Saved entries
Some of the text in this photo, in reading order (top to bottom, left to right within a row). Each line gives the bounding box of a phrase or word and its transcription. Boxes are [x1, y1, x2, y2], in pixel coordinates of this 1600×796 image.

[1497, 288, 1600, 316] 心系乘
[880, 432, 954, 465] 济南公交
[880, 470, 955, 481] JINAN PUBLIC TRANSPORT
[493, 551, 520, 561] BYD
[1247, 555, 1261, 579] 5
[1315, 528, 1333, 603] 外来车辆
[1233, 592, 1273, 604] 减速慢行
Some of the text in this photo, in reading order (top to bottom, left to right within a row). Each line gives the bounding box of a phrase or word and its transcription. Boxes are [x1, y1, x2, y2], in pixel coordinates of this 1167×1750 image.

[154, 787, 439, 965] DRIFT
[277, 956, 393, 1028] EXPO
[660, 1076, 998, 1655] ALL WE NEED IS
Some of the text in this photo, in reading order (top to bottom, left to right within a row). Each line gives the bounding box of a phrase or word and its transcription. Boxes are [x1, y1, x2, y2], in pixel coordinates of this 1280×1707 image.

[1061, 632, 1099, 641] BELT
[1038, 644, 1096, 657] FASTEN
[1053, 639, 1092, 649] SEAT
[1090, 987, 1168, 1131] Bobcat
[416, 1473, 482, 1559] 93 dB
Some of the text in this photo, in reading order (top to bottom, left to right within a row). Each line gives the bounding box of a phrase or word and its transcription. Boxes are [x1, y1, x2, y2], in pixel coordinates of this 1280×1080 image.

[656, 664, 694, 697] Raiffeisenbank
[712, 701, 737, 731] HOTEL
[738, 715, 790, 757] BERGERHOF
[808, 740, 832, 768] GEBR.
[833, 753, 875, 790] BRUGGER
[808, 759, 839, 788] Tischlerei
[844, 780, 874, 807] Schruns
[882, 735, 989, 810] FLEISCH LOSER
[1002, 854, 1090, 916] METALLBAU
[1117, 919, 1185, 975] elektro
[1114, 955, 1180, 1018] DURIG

§ **What is expected**
Copy out the line holding "this 1167×1750 image.". Then copy every later line of the data, unchanged, through the last one.

§ **Written reply**
Some of the text in this photo, in reading order (top to bottom, left to right within a row). Each line gives the bounding box of a phrase or word and its transcription. Boxes are [x1, y1, x2, y2], in pixel coordinates of this 1167×1750 image.

[154, 787, 439, 965] DRIFT
[277, 956, 393, 1028] EXPO
[660, 1076, 998, 1655] ALL WE NEED IS
Some of the text in this photo, in reading order (top to bottom, left to right within a row). Each line gives the bounding box of a phrase or word and its transcription. Boxes are [x1, y1, x2, y2], in pixel coordinates of this 1280×1707 image.

[1061, 632, 1099, 641] BELT
[1038, 644, 1096, 657] FASTEN
[1053, 639, 1092, 649] SEAT
[1090, 987, 1168, 1131] Bobcat
[416, 1473, 482, 1559] 93 dB
Some of the text in this photo, in reading order (top to bottom, left to right within a row). Each line gives the bounding box of a phrase or word and its transcription. Boxes are [x1, y1, x2, y2], in pixel coordinates of this 1280×1080 image.

[656, 664, 694, 697] Raiffeisenbank
[712, 701, 737, 731] HOTEL
[738, 715, 790, 757] BERGERHOF
[808, 740, 832, 768] GEBR.
[833, 753, 875, 790] BRUGGER
[808, 759, 839, 788] Tischlerei
[844, 780, 874, 807] Schruns
[882, 735, 989, 810] FLEISCH LOSER
[1002, 854, 1090, 916] METALLBAU
[1117, 919, 1185, 975] elektro
[1114, 955, 1180, 1018] DURIG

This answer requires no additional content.